*** Block opens ***

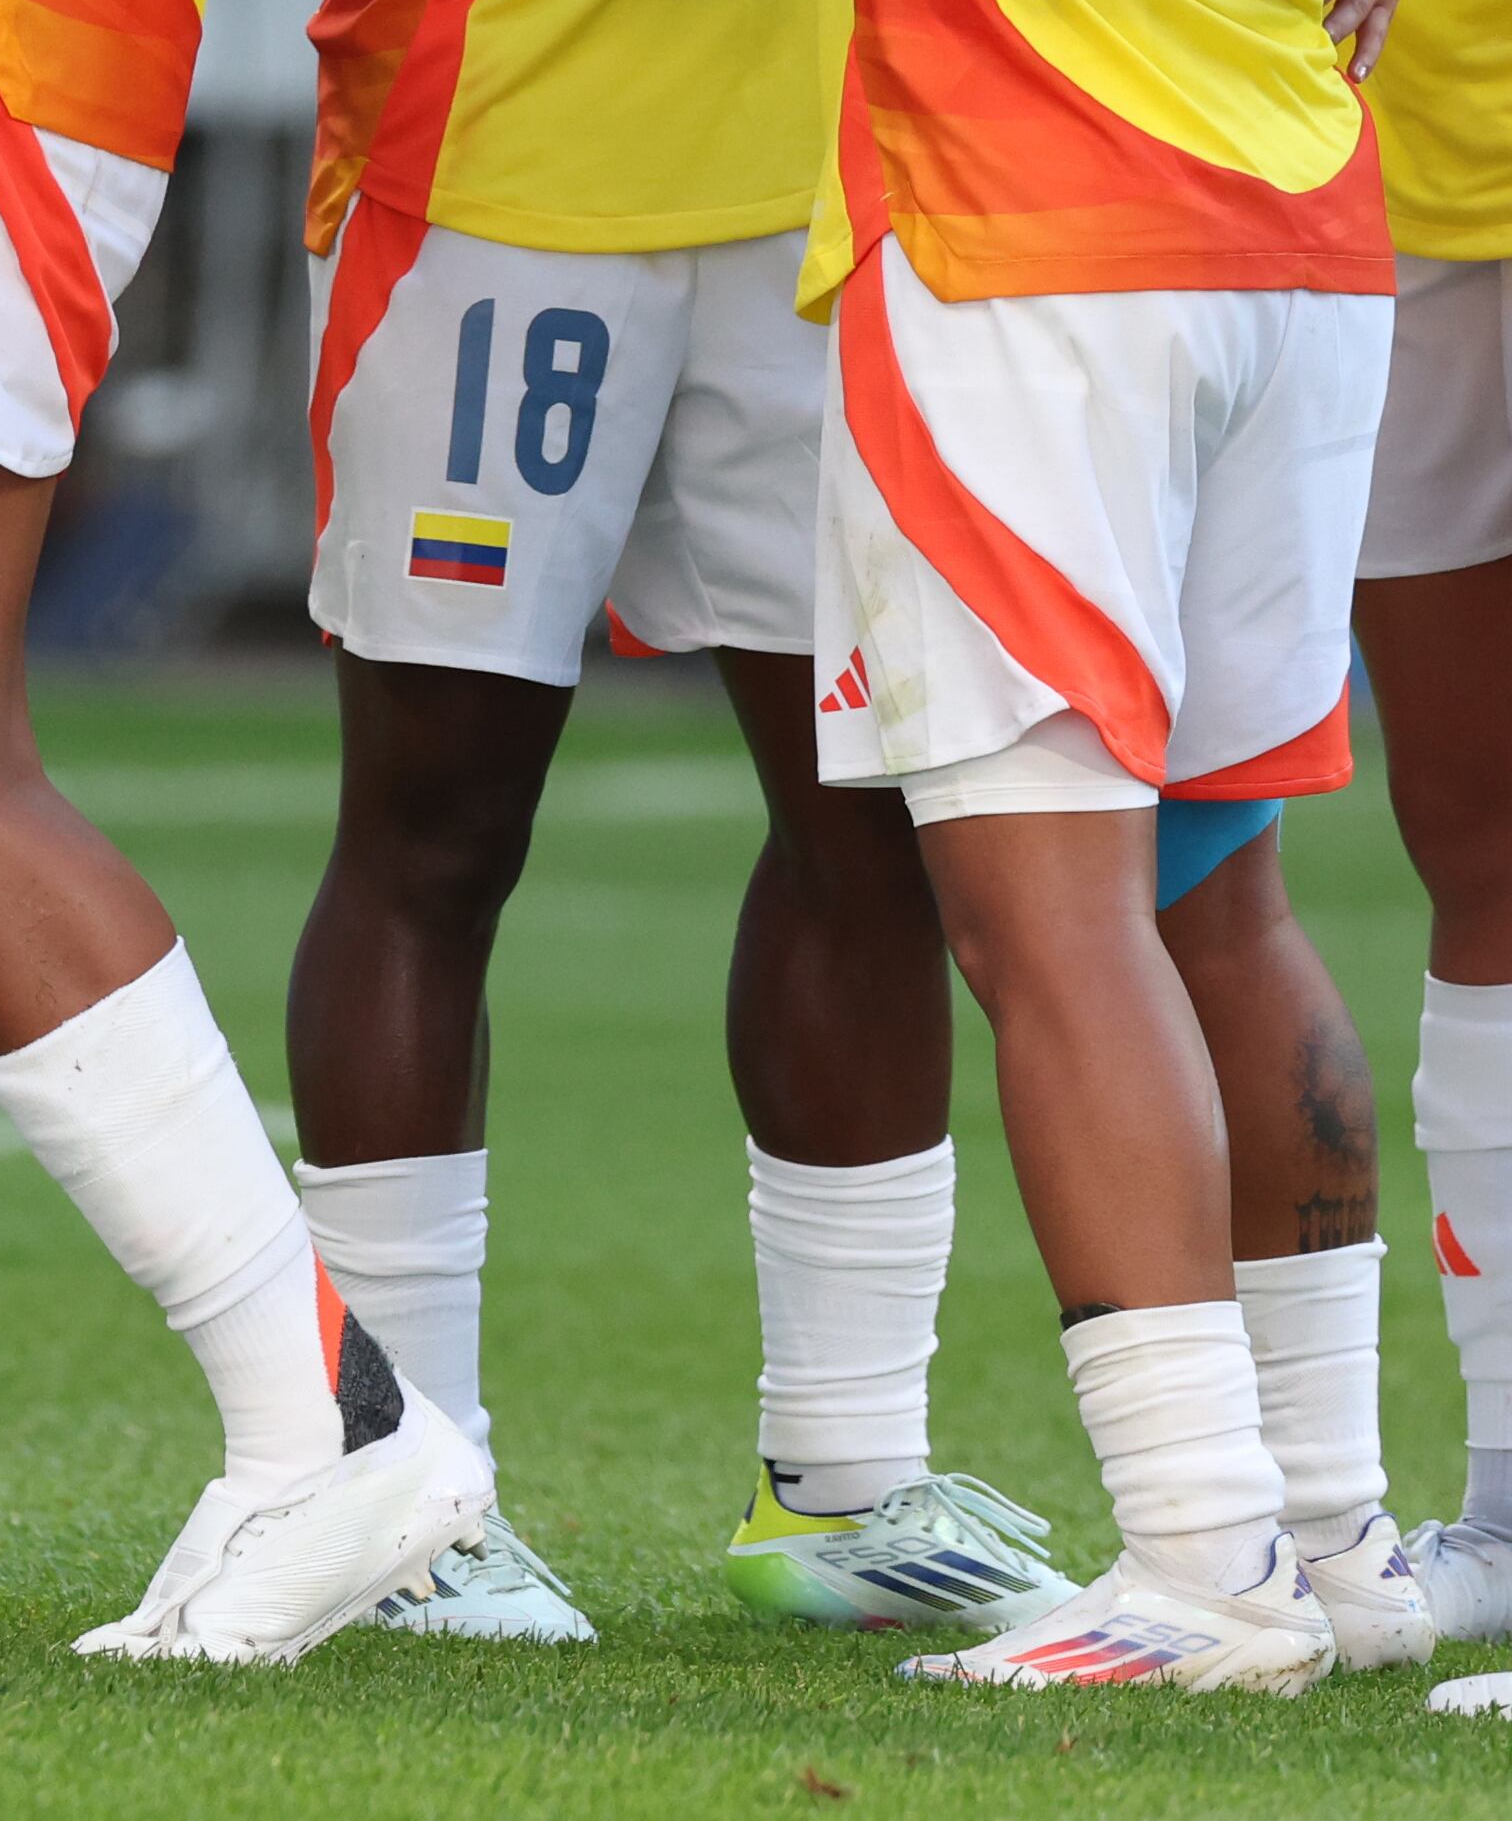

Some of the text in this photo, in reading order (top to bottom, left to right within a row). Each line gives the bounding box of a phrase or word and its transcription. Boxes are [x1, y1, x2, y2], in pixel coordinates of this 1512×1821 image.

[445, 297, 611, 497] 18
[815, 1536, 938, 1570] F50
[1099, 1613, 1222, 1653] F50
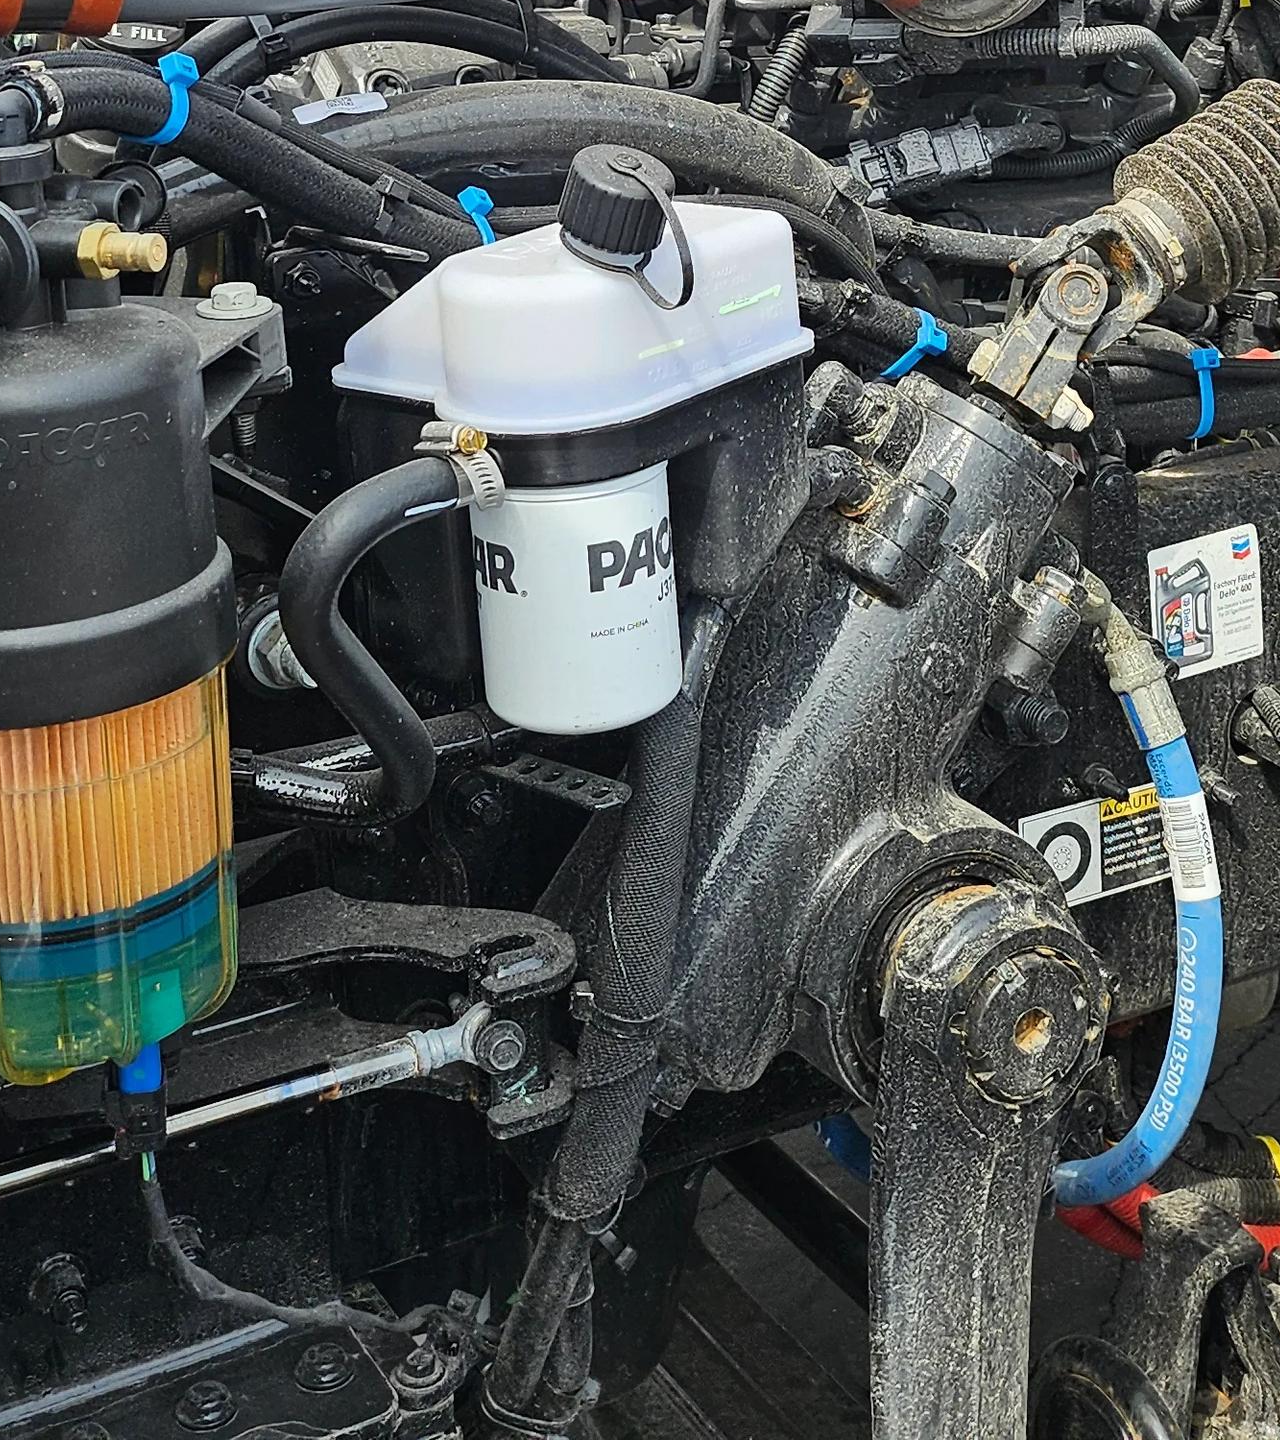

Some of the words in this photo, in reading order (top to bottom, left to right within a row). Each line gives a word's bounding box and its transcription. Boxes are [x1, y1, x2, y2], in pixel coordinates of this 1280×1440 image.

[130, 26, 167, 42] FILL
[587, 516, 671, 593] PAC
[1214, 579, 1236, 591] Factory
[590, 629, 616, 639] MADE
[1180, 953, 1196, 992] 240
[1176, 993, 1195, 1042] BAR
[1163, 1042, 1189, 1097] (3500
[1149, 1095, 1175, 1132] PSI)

*** Block closes ***

■ Requirement ■
Return the whole listing, word for word, and leave out every picture.

■ Exercise result ■
Some of the text in this photo, in reading order (top to bottom, left to right within a row). Each line gives the bounding box of a phrase or word and its transcription. Boxes are [x1, y1, x2, y2], in pixel coordinates of this 1512×1821 image.

[445, 297, 611, 497] 18
[815, 1536, 938, 1570] F50
[1099, 1613, 1222, 1653] F50

Some of the words in this photo, in reading order (top to bottom, left to right within a row). Each line gives a word's bounding box and its transcription. Boxes are [x1, y1, x2, y2], in pixel coordinates of this 1280×1440 image.

[130, 26, 167, 42] FILL
[587, 516, 671, 593] PAC
[1214, 579, 1236, 591] Factory
[590, 629, 616, 639] MADE
[1180, 953, 1196, 992] 240
[1176, 993, 1195, 1042] BAR
[1163, 1042, 1189, 1097] (3500
[1149, 1095, 1175, 1132] PSI)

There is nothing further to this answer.